Ille Alexander M, Markosian Christopher, Burley Stephen K, Pasqualini Renata, Arap Wadih
Rutgers Cancer Institute, Newark, NJ, USA.
Division of Cancer Biology, Department of Radiation Oncology, Rutgers New Jersey Medical School, Newark, NJ, USA.
bioRxiv. 2025 Jan 4:2024.12.03.626727. doi: 10.1101/2024.12.03.626727.
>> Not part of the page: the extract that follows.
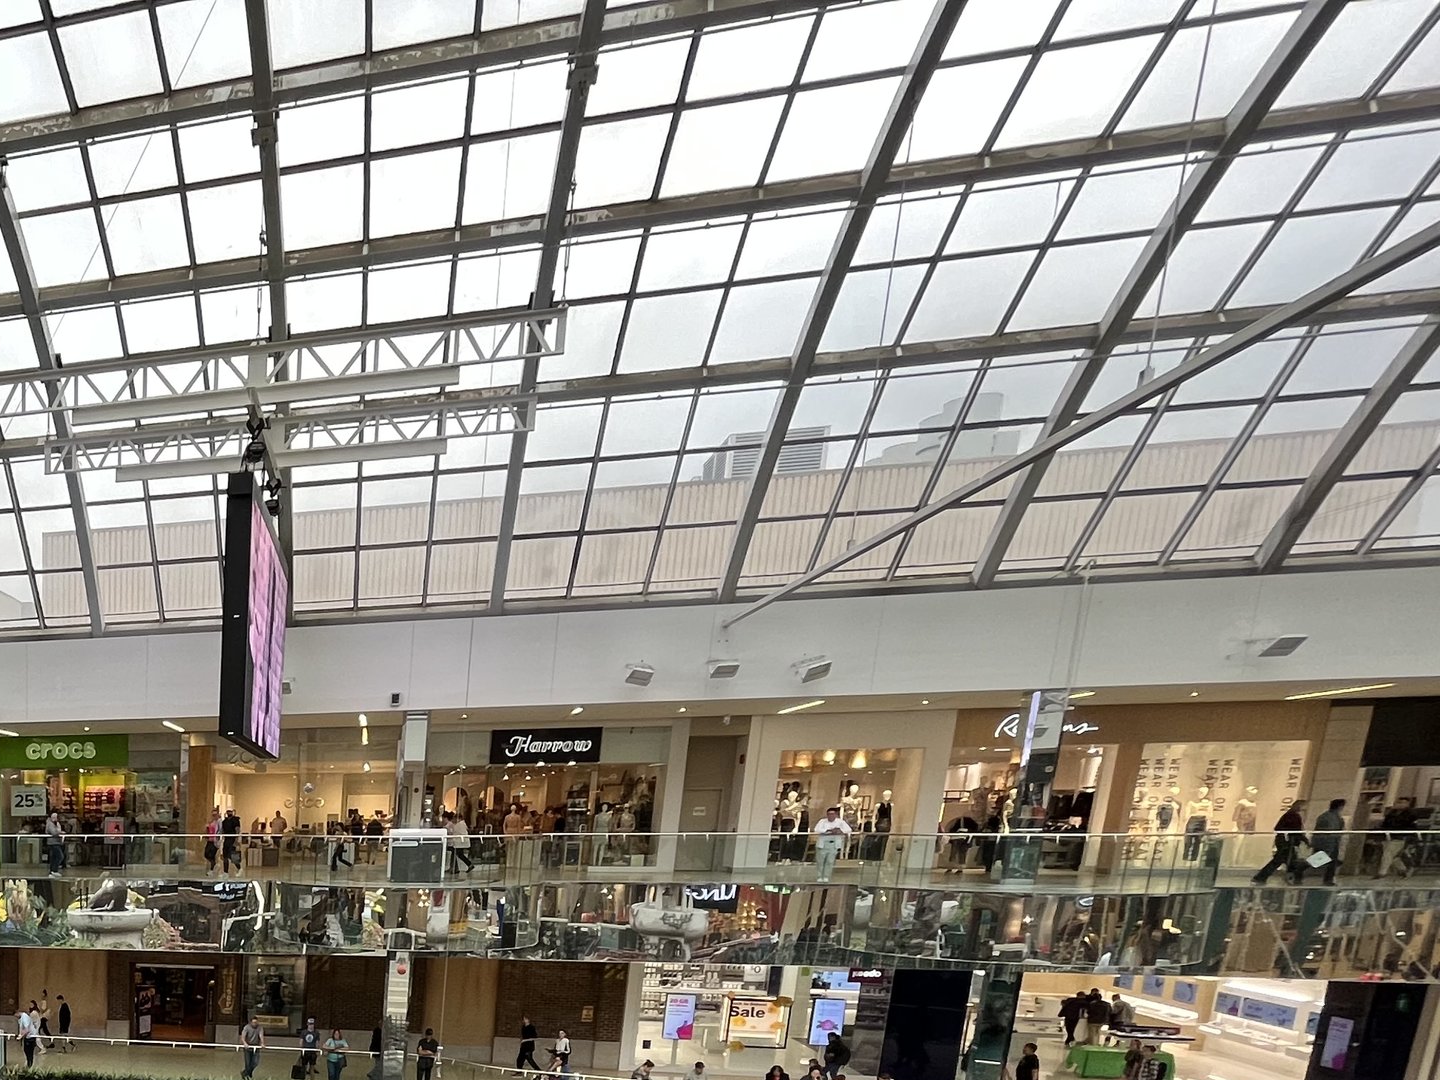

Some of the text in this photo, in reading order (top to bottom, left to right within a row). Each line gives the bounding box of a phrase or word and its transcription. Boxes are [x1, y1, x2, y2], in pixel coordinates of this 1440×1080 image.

Protein structure prediction artificial intelligence/machine learning (AI/ML) approaches has sparked substantial research interest in structural biology and adjacent disciplines. More recently, AlphaFold2 (AF2) has been adapted for the prediction of multiple structural conformations in addition to single-state structures. This novel avenue of research has focused on proteins (typically 50 residues in length or greater), while multi-conformation prediction of shorter peptides has not yet been explored in this context. Here, we report AF2-based structural conformation prediction of a total of 557 peptides (ranging in length from 10 to 40 residues) for a benchmark dataset with corresponding nuclear magnetic resonance (NMR)-determined conformational ensembles. structure predictions were accompanied by structural comparison analyses to assess prediction accuracy. We found that the prediction of conformational ensembles for peptides with AF2 varied in accuracy NMR data, with average root-mean-square deviation (RMSD) among structured regions under 2.5 Å and average root-mean-square fluctuation (RMSF) differences under 1.5 Å. Our results reveal notable capabilities of AF2-based structural conformation prediction for peptides but also underscore the necessity for interpretation discretion.
蛋白质结构预测的人工智能/机器学习(AI/ML)方法引发了结构生物学及相关学科的大量研究兴趣。最近,除了单态结构外,AlphaFold2(AF2)已被用于预测多种结构构象。这条新的研究途径主要聚焦于蛋白质(通常长度为50个残基或更长),而在此背景下,较短肽段的多构象预测尚未得到探索。在此,我们报告了基于AF2对总共557个肽段(长度从10到40个残基不等)进行的结构构象预测,该预测针对的是具有相应核磁共振(NMR)确定的构象集合的基准数据集。结构预测还伴随着结构比较分析以评估预测准确性。我们发现,利用AF2对肽段构象集合的预测准确性因NMR数据而异,结构化区域的平均均方根偏差(RMSD)在2.5 Å以下,平均均方根波动(RMSF)差异在1.5 Å以下。我们的结果揭示了基于AF2的肽段结构构象预测的显著能力,但也强调了解释时谨慎判断的必要性。